Trimmed my pubes and broke your paper shredder. Separate events.
Sleepwalking naked until I was 12 made it so much easier to get away with drinking at moms now.
Just witnessed a circumcision at clinical. i suddenly feel a sense of reconciliation over every guy who's done me dirty...
Buying a large dominoes pizza for a wasted 3 mile walk is the best bad idea ever. My mouth is on fire, probably broke my hand, and i may or may not have eaten street pizza.
How did you break your hand eating pizza?
Boxes are hard to see rocks through.
don't let me wipe my vag with a dirty leaf outside of mcdonalds ever again.

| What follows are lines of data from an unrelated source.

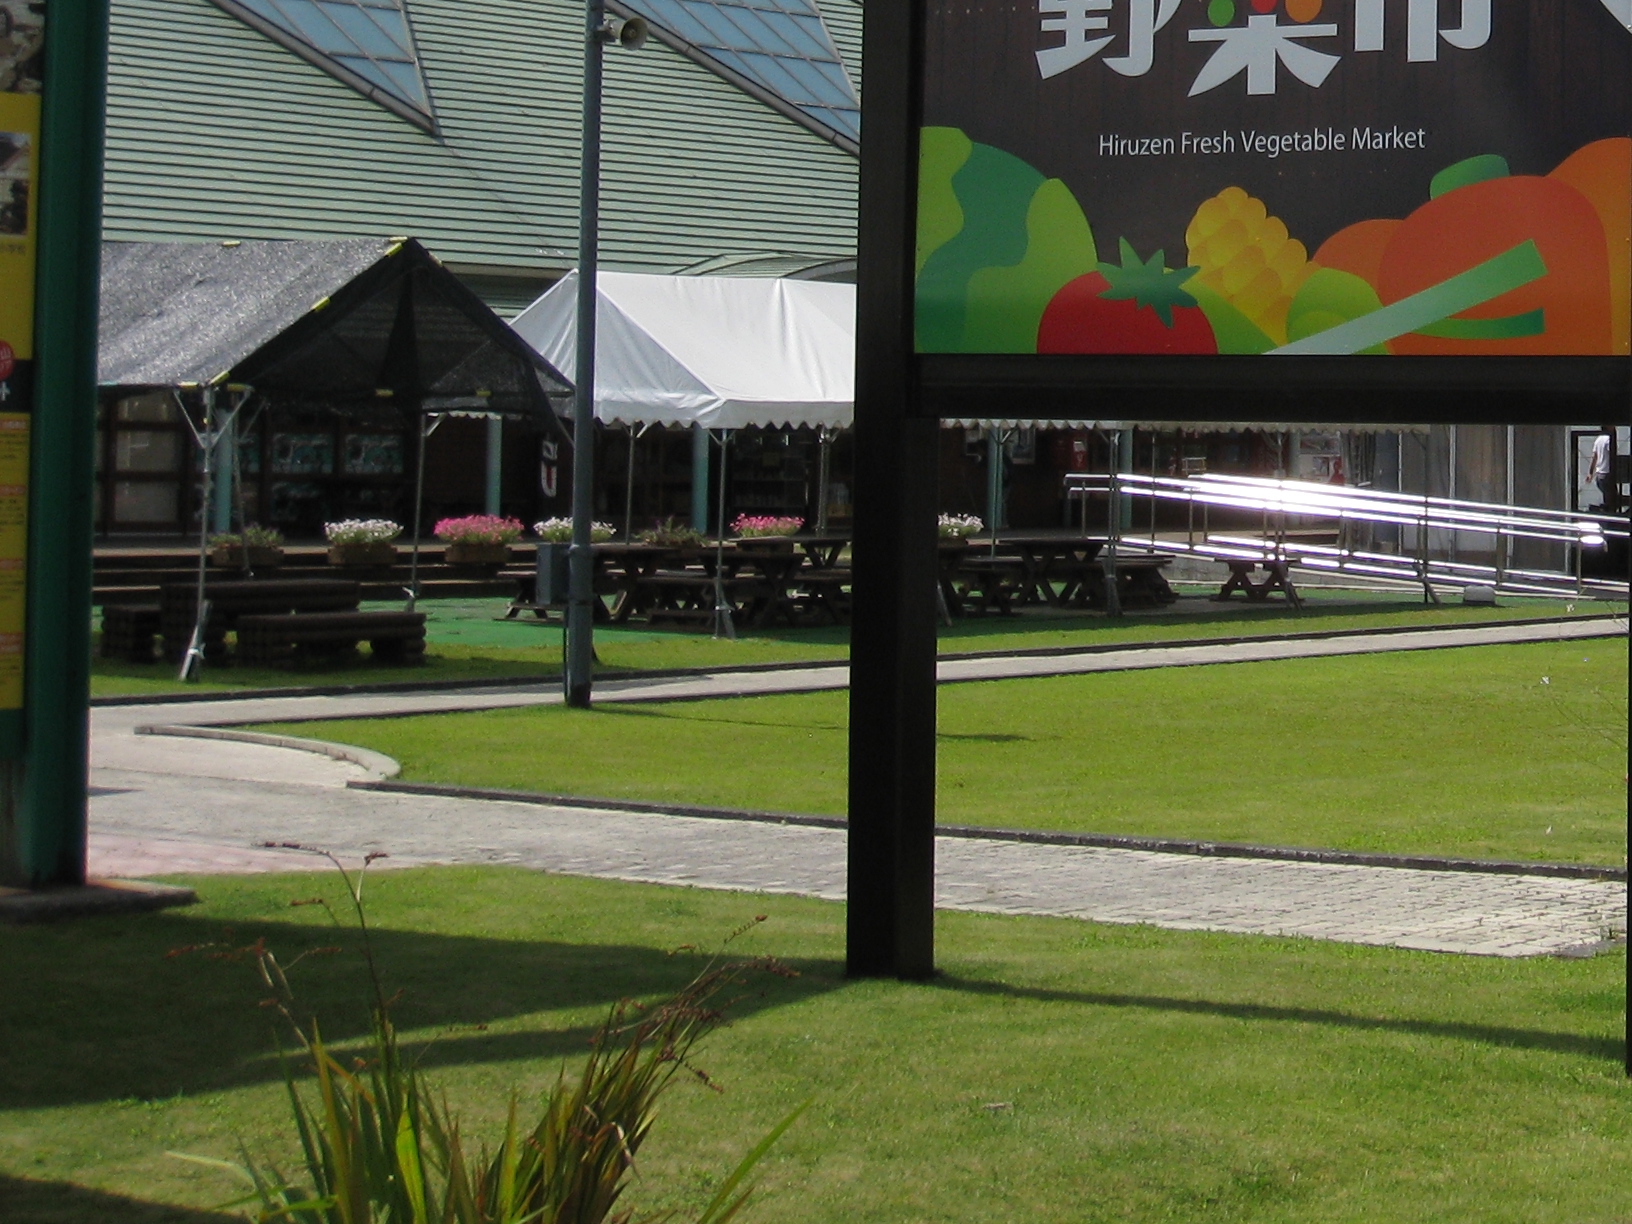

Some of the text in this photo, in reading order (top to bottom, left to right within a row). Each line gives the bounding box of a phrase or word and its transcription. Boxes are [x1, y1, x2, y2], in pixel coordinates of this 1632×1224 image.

[1099, 126, 1426, 159] Hiruzen Fresh Vegetable Market
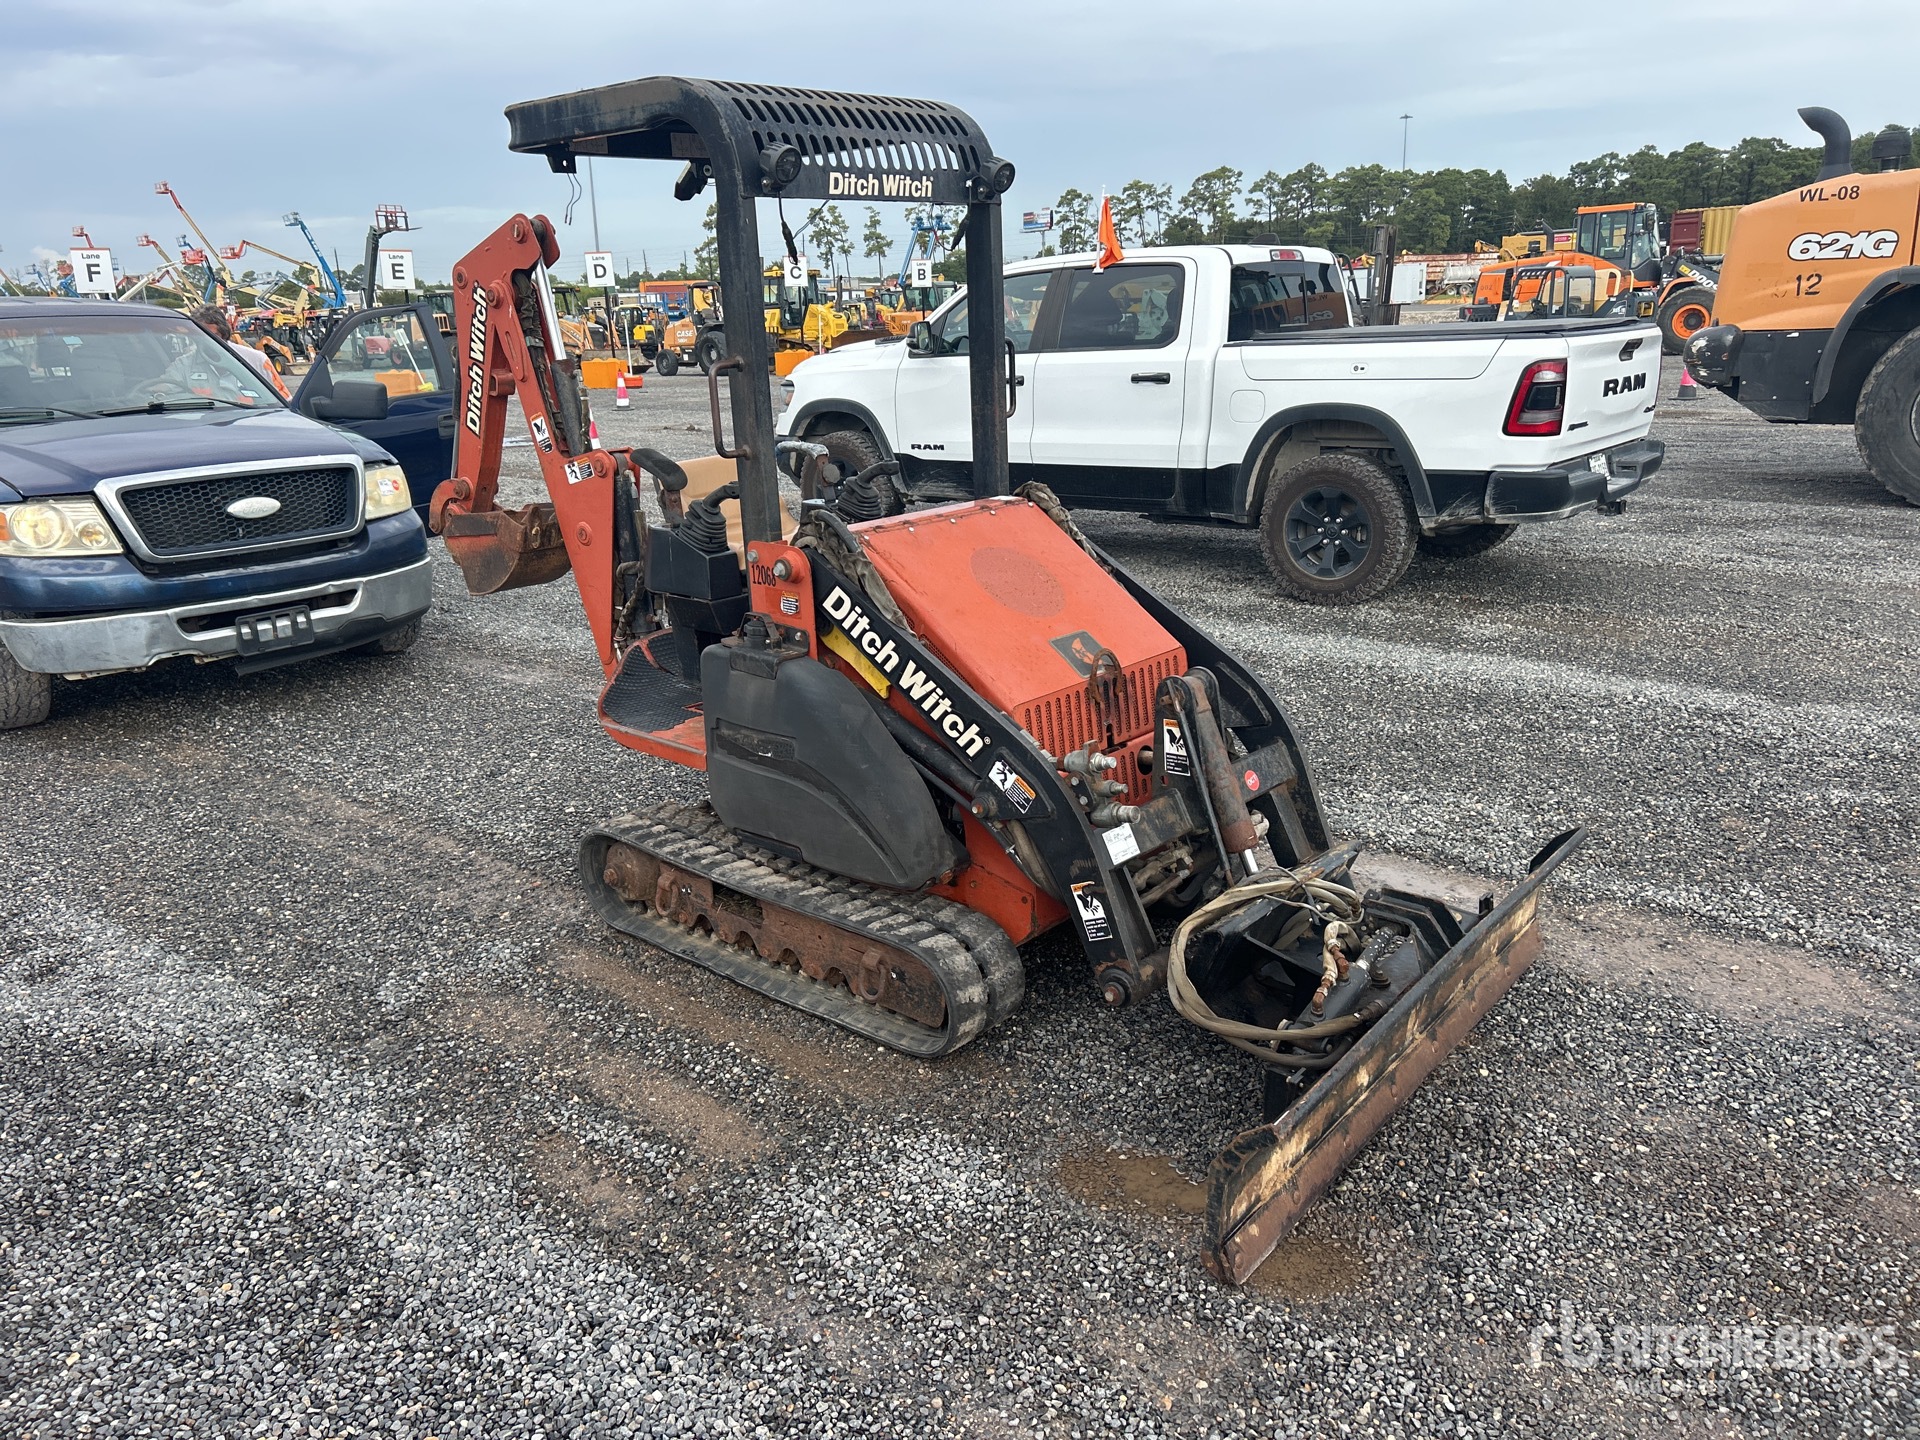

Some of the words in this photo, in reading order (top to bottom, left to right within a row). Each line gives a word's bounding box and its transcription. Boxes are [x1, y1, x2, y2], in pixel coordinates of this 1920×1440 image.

[829, 171, 879, 196] Ditch
[882, 173, 933, 197] Witch
[1800, 185, 1860, 202] WL-08
[1787, 229, 1900, 261] 621G
[86, 263, 101, 282] F
[391, 263, 405, 280] E
[593, 263, 607, 279] D
[790, 265, 802, 279] C
[917, 268, 926, 281] B
[1796, 273, 1823, 297] 12
[469, 286, 487, 364] Witch
[1602, 372, 1646, 397] RAM
[466, 363, 484, 436] Ditch
[910, 443, 945, 451] RAM
[751, 563, 777, 587] 12068
[822, 585, 900, 673] Ditch
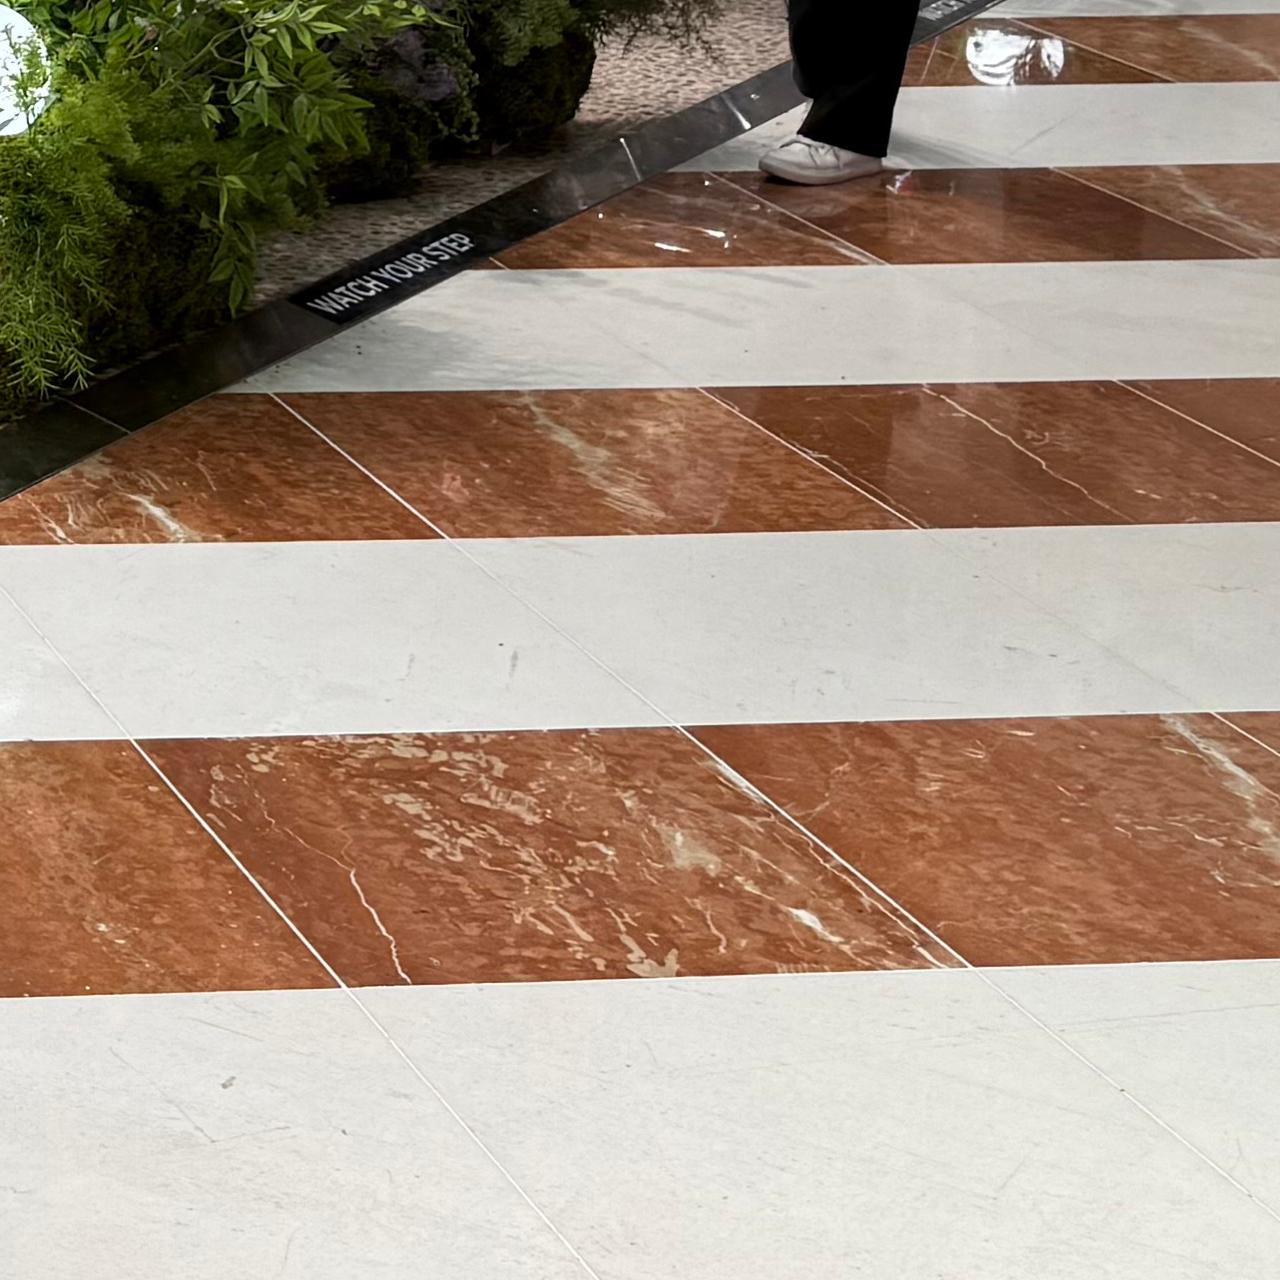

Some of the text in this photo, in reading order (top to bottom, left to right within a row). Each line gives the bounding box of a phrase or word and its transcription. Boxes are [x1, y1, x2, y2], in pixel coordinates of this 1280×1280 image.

[306, 232, 476, 315] WATCH YOUR STEP

He's drinking 50/50 vodka/water out of a camelback. Disaster would be a compliment at this point.
I woke up in an apt hallway this morning and a nice lady brought me coffee cause she thought I was homeless
Like real life can suck my metaphorical dick right now.
We're going as conductors of the hot mess train and nobody rides for free
Our tip jar will say "just put the tip in, see how it feels"
I have been drunk every time I've gone to mexico. I do not remember mexico.
I chose not to drink last night but drinking chose me
Hooray! My email address wasn't leaked by Ashley Madison!
I will chop off your penis
He just texted me asking for his shirt back and I said I didn't have it and then I ran into him 5 minutes later while wearing the said shirt
im about to bake her parents a "thank you for making such beautiful babies, ive had sex with all 5 of them" cake
We met behind our asshole boss's back with the intent to oust him from the company. If this revolution is a success, bring nachoes.